When asked if the governor’s announcement about the statewide loosening of stay-at-home orders would affect the Bay Area, Cody said health officials were still seeking more specifics from the state as to what was allowed to be opened.
One elected official, Santa Clara County supervisor Mike Wasserman, expressed concern about the potential duration of the shelter-in-place order and said he hoped all small businesses — from barber shops to jewelry stores — could be allowed to reopen as soon as possible.
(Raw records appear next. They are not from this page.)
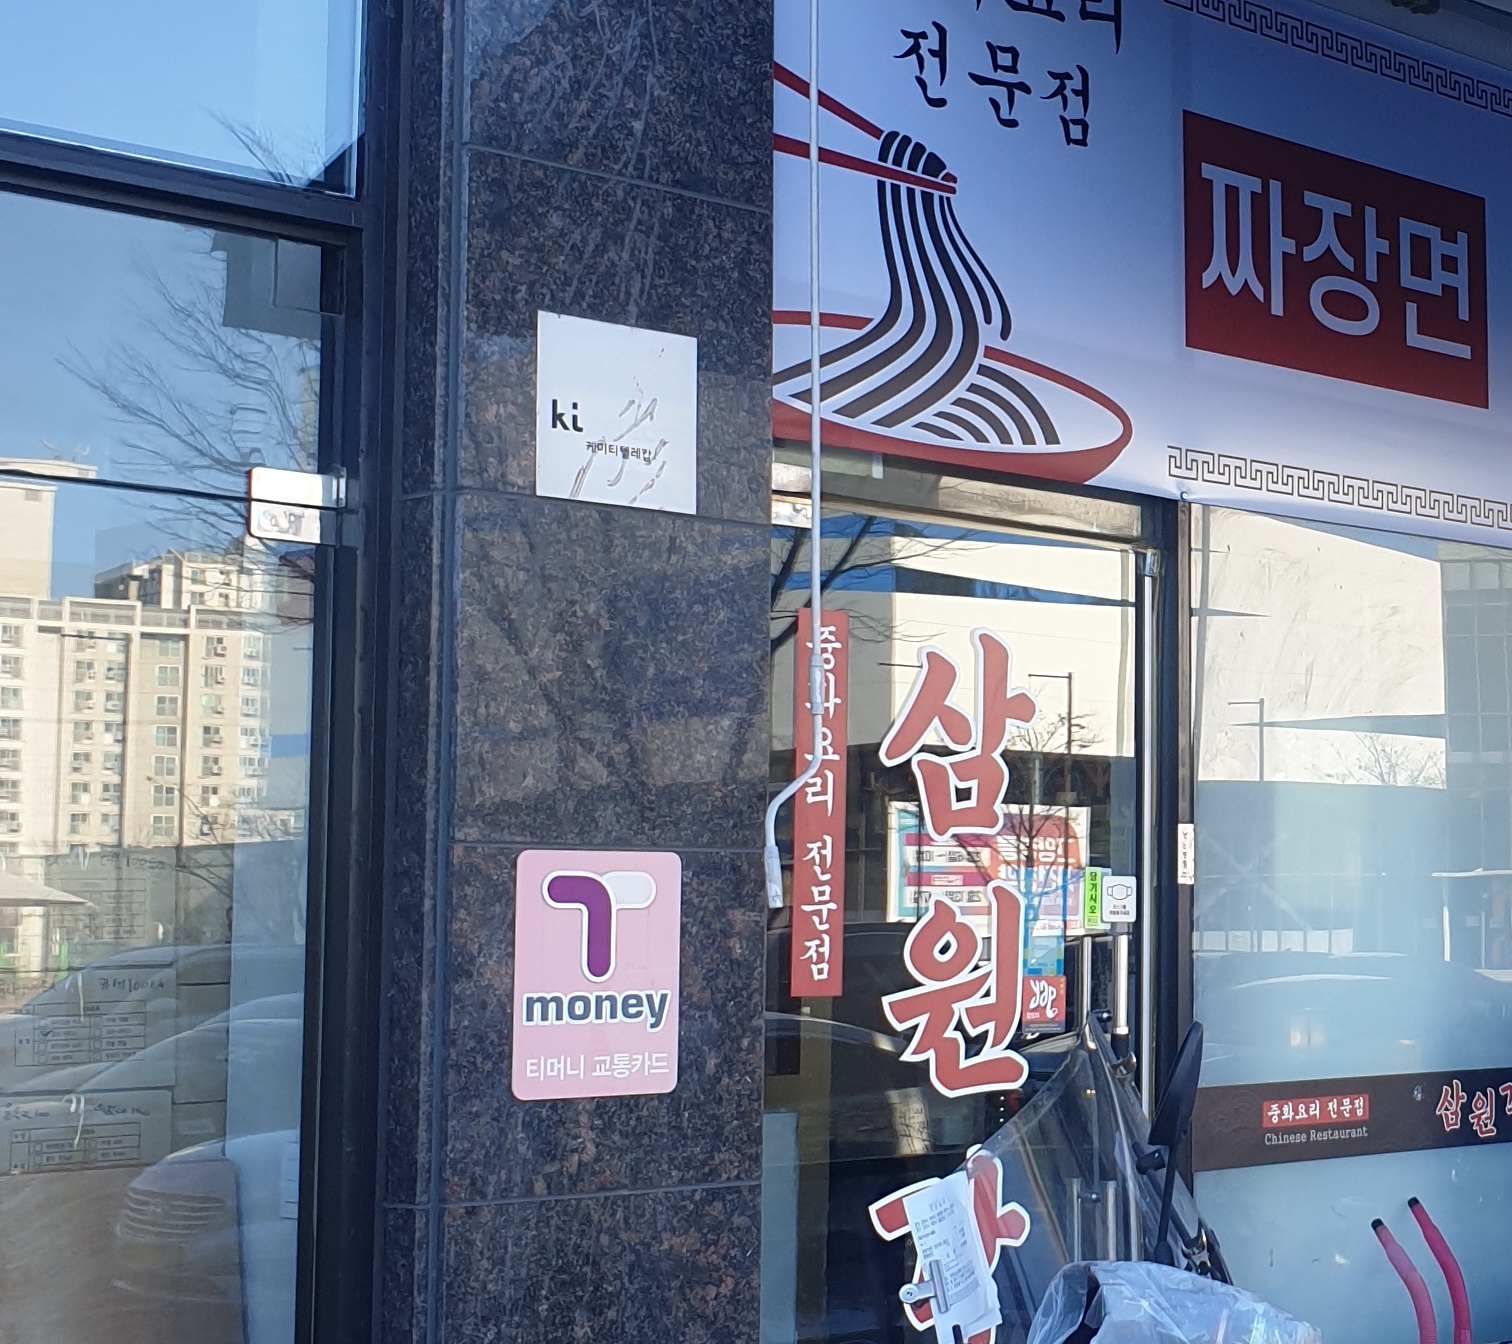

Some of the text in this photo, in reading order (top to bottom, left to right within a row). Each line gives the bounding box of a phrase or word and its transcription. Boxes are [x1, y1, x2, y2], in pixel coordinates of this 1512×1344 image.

[893, 21, 1089, 147] 전문점
[1201, 163, 1472, 361] 짜장면
[799, 834, 838, 981] 전문점
[524, 991, 671, 1032] money
[526, 1052, 670, 1081] 티머니 교통카드
[1267, 1097, 1364, 1124] 중화요리 전문점
[1265, 1125, 1368, 1146] Chinese Restaurant
“We can’t shelter in place forever,” Wasserman told health officials. “We do know if we don’t let more people go back to work sooner than later, our economy will effectively go on life support.”
County officials asked for more patience, saying increased testing and disease investigating capabilities were crucial before lifting stay-at-home orders further.
“We’re working really hard,” Cody said, “because we do know that many, many in our community are suffering from the economy and the social isolation of being at home. So I hear you loud and clear. And I am worried, too.”
Smith added that sticking with the shelter-in-place order longer the first time might end up being the better move, not only from a health perspective, but also from an economic one.
During the 1918 Spanish flu pandemic, while Philadelphia moved too slowly to deal with rising flu outbreaks, St. Louis acted far more quickly, closing many public places swiftly, and, “strangely enough, their economy came back faster than Philadelphia’s,” Smith said.
A recent study found that cities that moved more aggressively to close down the city as the flu hit experienced a better economic recovery afterward. “It’s never an either-or,” Smith said, “it’s always how do you accomplish both good goals. And we’ve got two good goals.”
Smith said this pandemic was one of only four worldwide in the last 102 years and the only one in modern history caused by a coronavirus, a type of virus that until now has been associated with the common cold.
In just a matter of a few months, 256,000 people who have been infected with the coronavirus have died, while the 1957-58 flu pandemic killed 1.1 million people, the 1968 flu pandemic resulted in 1 million deaths, and the 1918 pandemic resulted in 50 million dead worldwide.